One more point I’d wish to make: Mythologising Lee might be helpful to the PAP staying in power, or at least cementing the PAP ideology — so the PAP dwarfs may now believe. But adding a divisive, partisan figure to the existing law that governs the national flag and anthem will not raise the man’s status. It will only demean the flag and anthem. These unifying symbols that Singaporeans consider above politics will be raped. Two more props will go the way of so many once-neutral, non-partisan institutions. As I have argued many times before, the PAP in their desperation to entrench themselves in power will end up destroying Singapore in the process.

 

13 Responses to “Saint Lee”


  1. 1 Jess C Scott 29 May 2015 at 02:02

    Thanks for posting — short note that the writer of The Online Citizen piece was not Howard Lee, but Tan Wah Piow (the byline is below the title of the post on TOC).

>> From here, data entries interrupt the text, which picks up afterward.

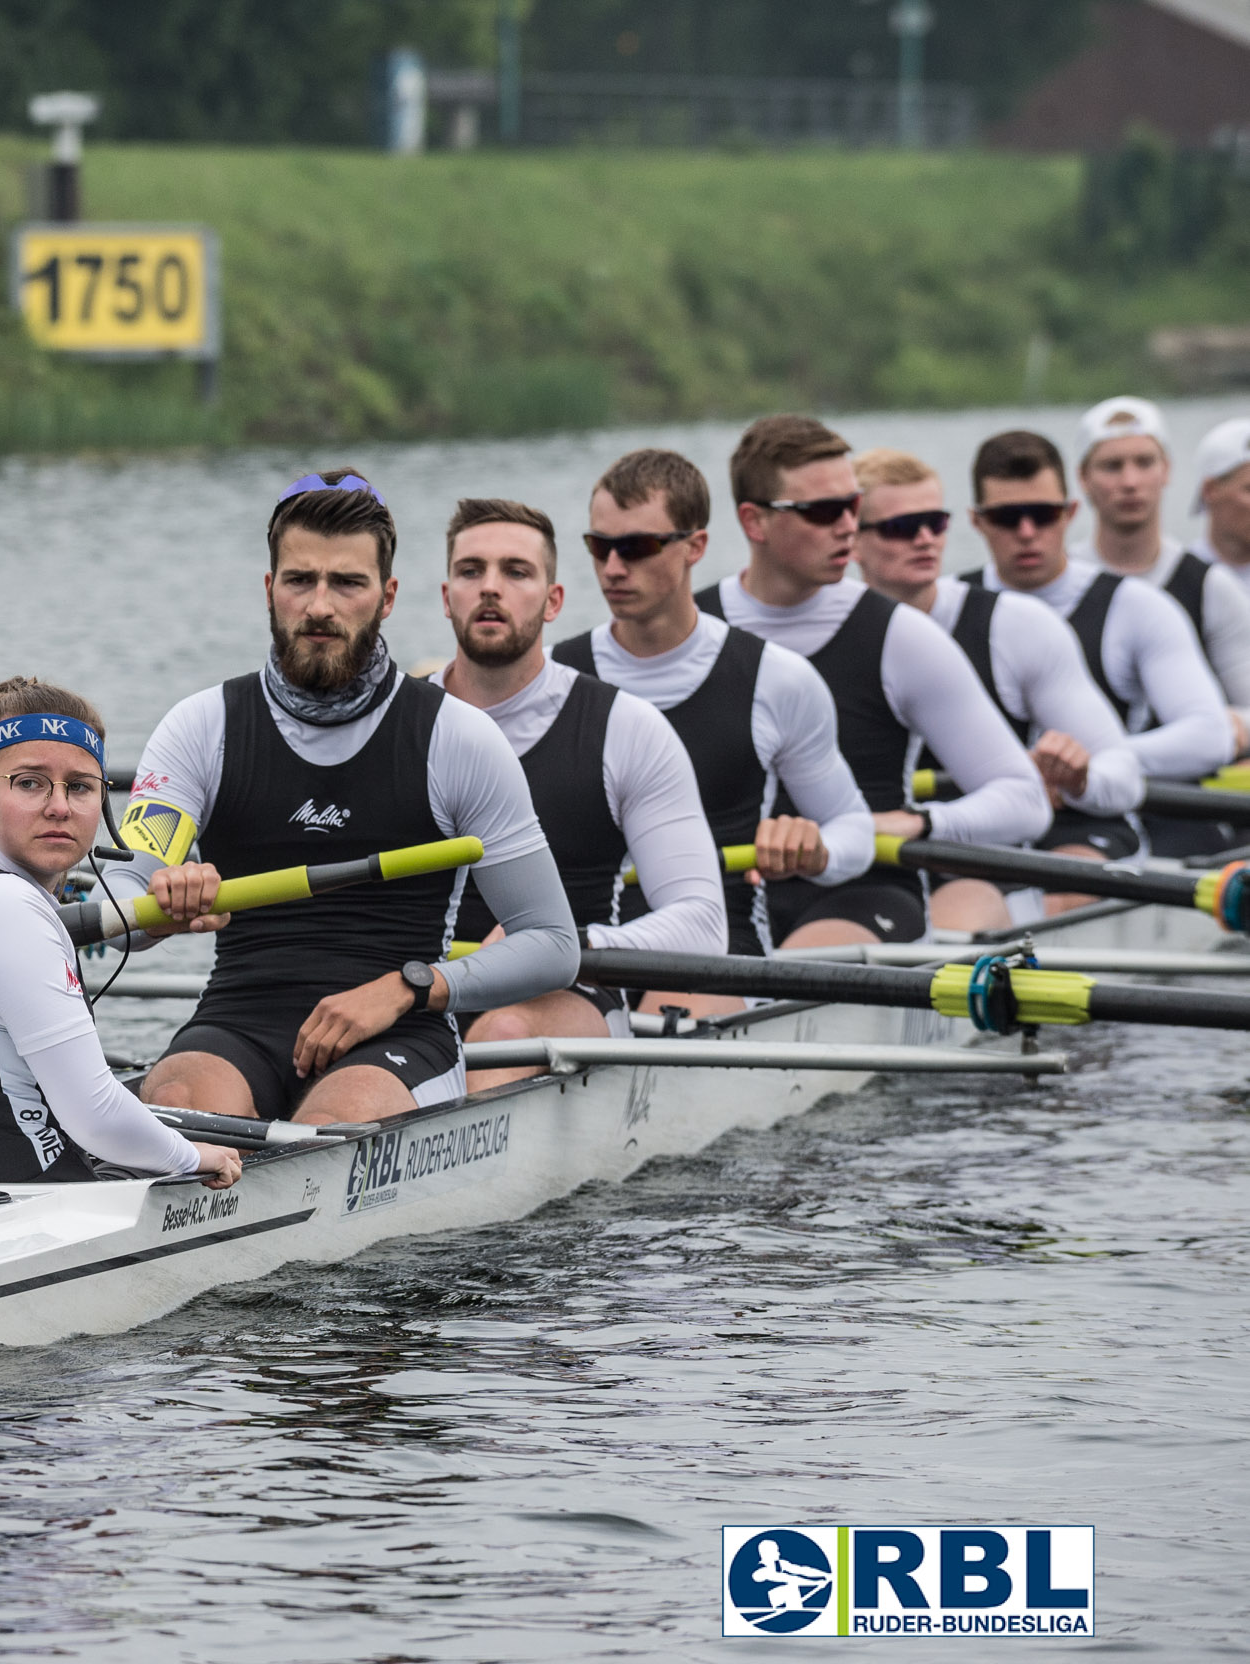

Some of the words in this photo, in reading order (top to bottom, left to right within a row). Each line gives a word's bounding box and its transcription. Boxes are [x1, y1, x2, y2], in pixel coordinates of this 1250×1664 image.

[23, 254, 190, 324] 1750
[41, 718, 69, 737] NK
[84, 727, 100, 754] NK
[365, 1130, 404, 1191] RBL
[403, 1113, 511, 1182] RUDER-BUNDESLIGA
[207, 1190, 239, 1221] Minden
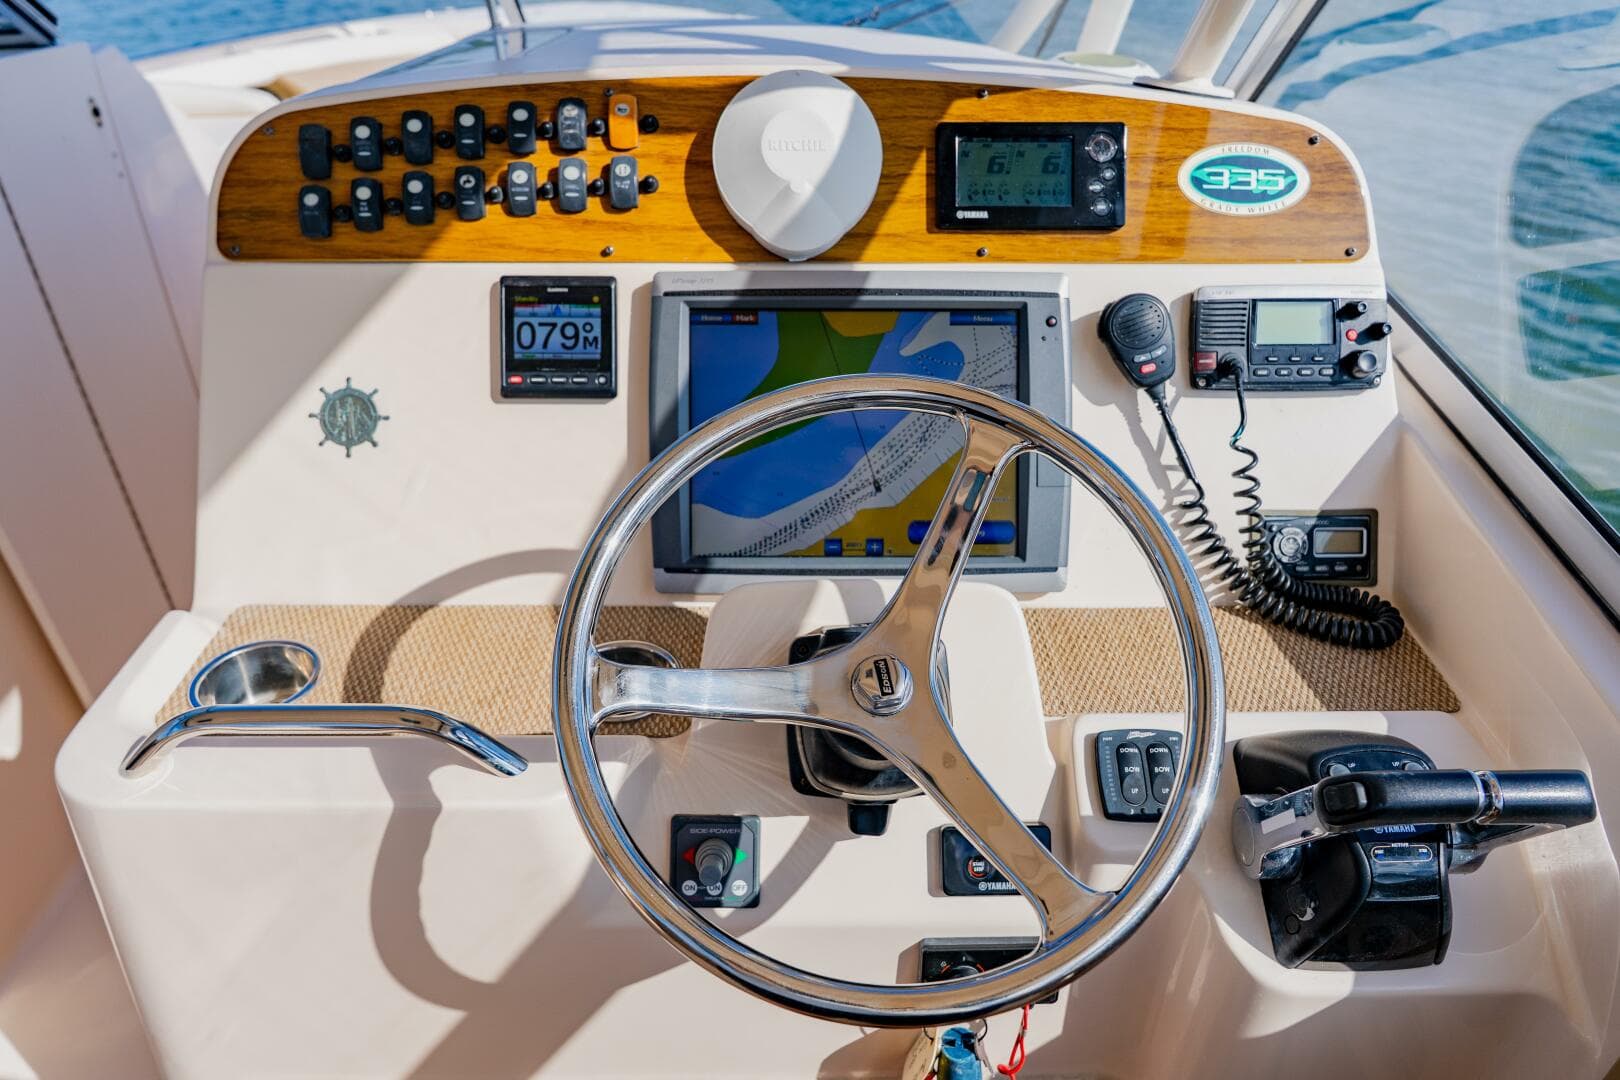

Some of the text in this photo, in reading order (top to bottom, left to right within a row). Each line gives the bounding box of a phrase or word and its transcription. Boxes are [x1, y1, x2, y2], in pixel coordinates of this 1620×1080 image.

[768, 139, 826, 152] RITCHIE
[1221, 145, 1270, 156] FREEDOM
[1202, 168, 1286, 190] 335
[877, 660, 893, 694] EDSON
[1384, 824, 1416, 832] YAMAHA
[683, 884, 696, 892] ON

  2. 2 Nuttyreligion 29 May 2015 at 03:31

    The only question here is: are we a religious state? Are we going backward instead of forward? Even the British empire did not impose that here! This is how preposterous the situation is!

  3. 3 patriot 29 May 2015 at 09:11

    Haha……..

    Who says the Name Lee Kuan Yew belonged to obe man?

    There must be many, including one Indian infant in India.

    Btw, what so great about the Name? It can make many want to throw up, curse and swear. At the least it causes quite a lot to suffer heartaches.
    Families who had kins slaughtered, raped and tortured by the Japanese Imperial Army during World War II will be badly haunted by two Names known as Lee Kuan Yew and SR Nathan, the Two that worked for the Japanese Imperial Army.

    patriot

  4. 4 Rizzy Khaos 29 May 2015 at 09:51

    Hence why I’ve been saying we’re witnessing a birth of a new religion.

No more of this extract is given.